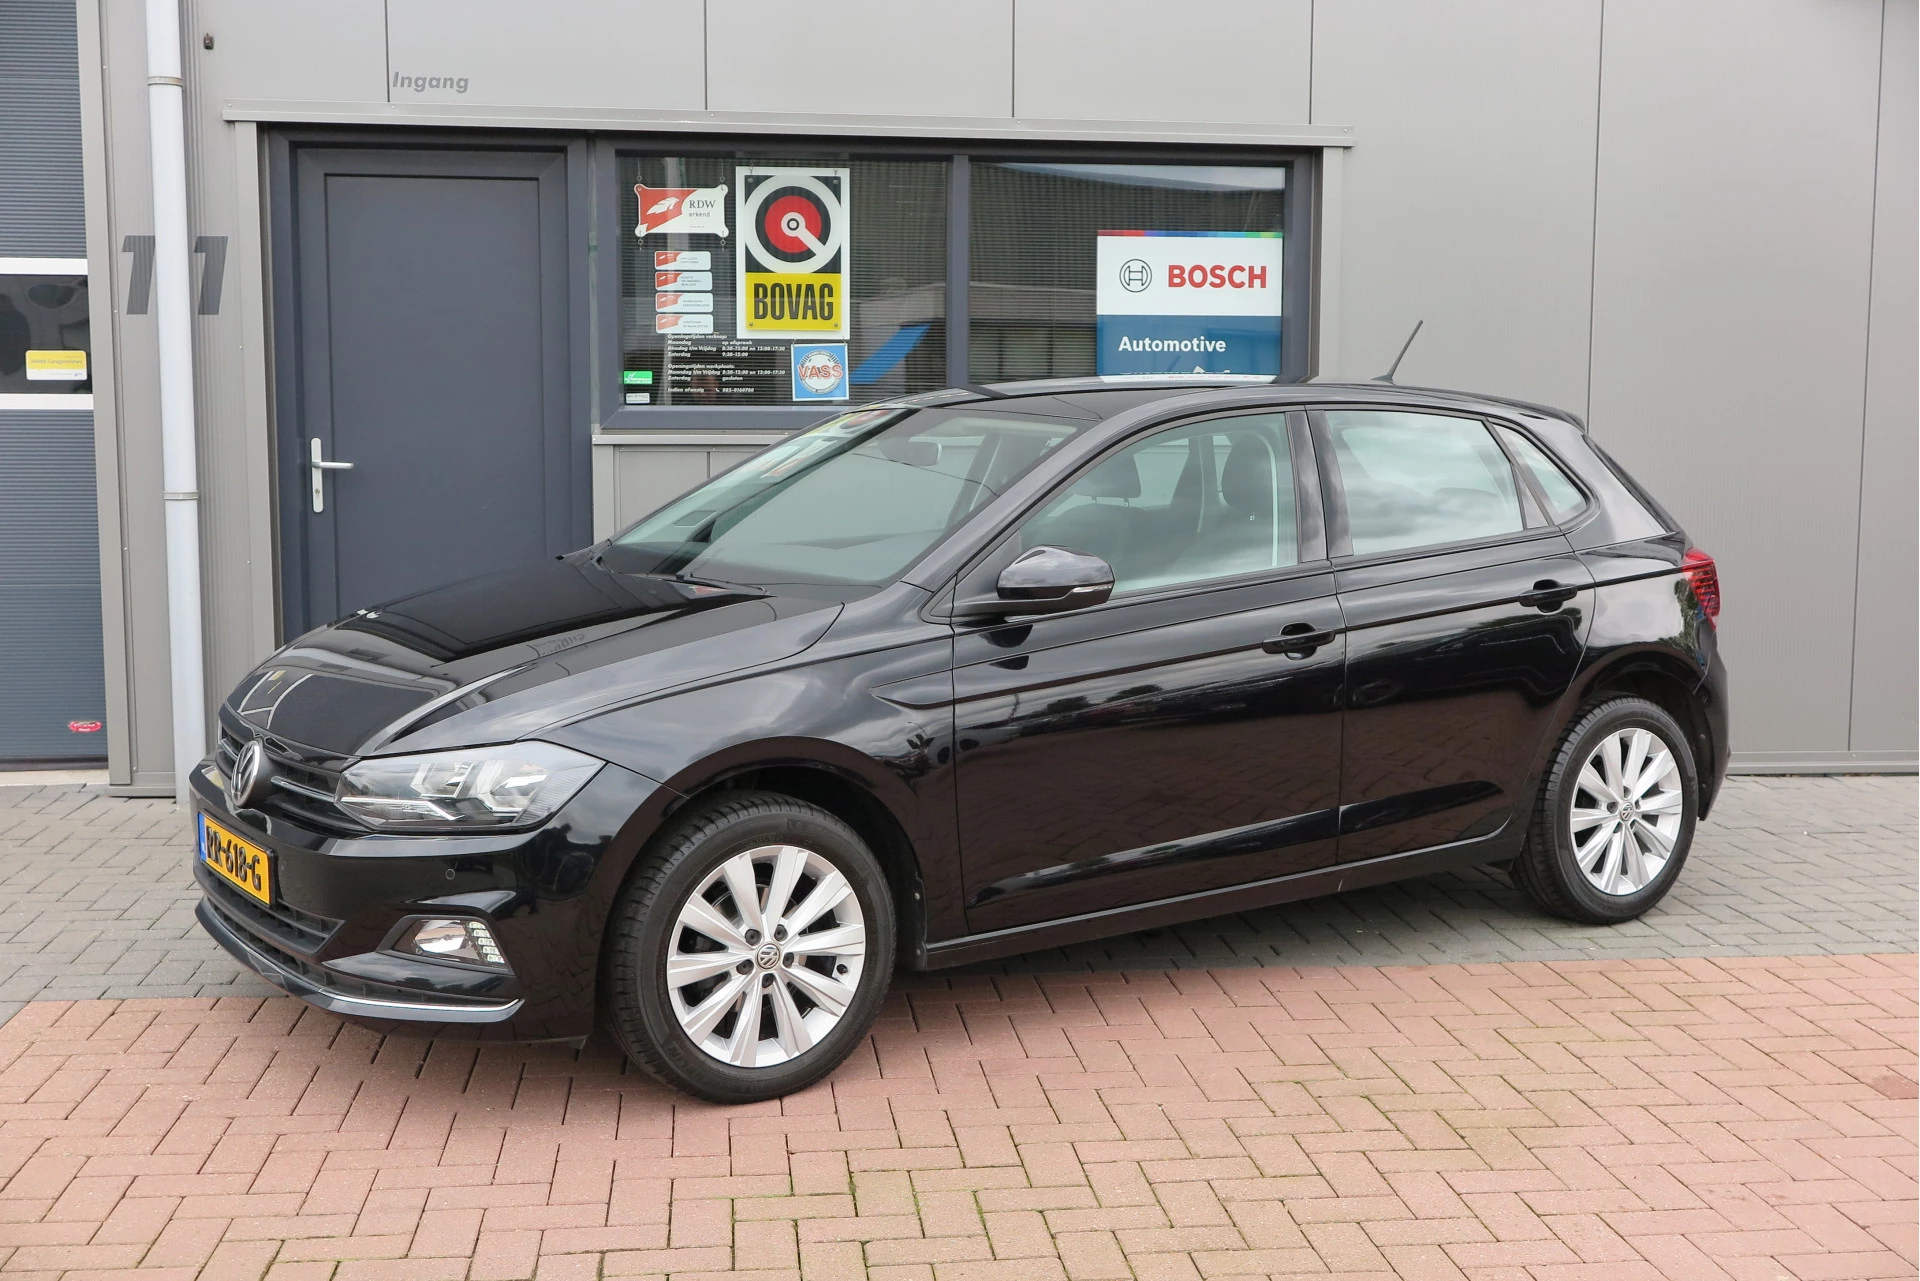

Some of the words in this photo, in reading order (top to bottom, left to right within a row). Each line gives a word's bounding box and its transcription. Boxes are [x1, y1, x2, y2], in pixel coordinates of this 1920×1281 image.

[392, 71, 469, 93] Ingang
[689, 200, 716, 209] RDW
[121, 235, 229, 316] 11
[1167, 264, 1267, 289] BOSCH
[753, 282, 834, 321] BOVAG
[1118, 336, 1227, 353] Automotive
[798, 364, 844, 379] VASS

:::::

REQUIREMENT>
Reproduce the material above in full, exactly, with no images.

SOLUTION TO THE PROBLEM>
Some of the words in this photo, in reading order (top to bottom, left to right within a row). Each line gives a word's bounding box and its transcription. Boxes are [x1, y1, x2, y2], in pixel coordinates of this 1920×1281 image.

[392, 71, 469, 93] Ingang
[689, 200, 716, 209] RDW
[121, 235, 229, 316] 11
[1167, 264, 1267, 289] BOSCH
[753, 282, 834, 321] BOVAG
[1118, 336, 1227, 353] Automotive
[798, 364, 844, 379] VASS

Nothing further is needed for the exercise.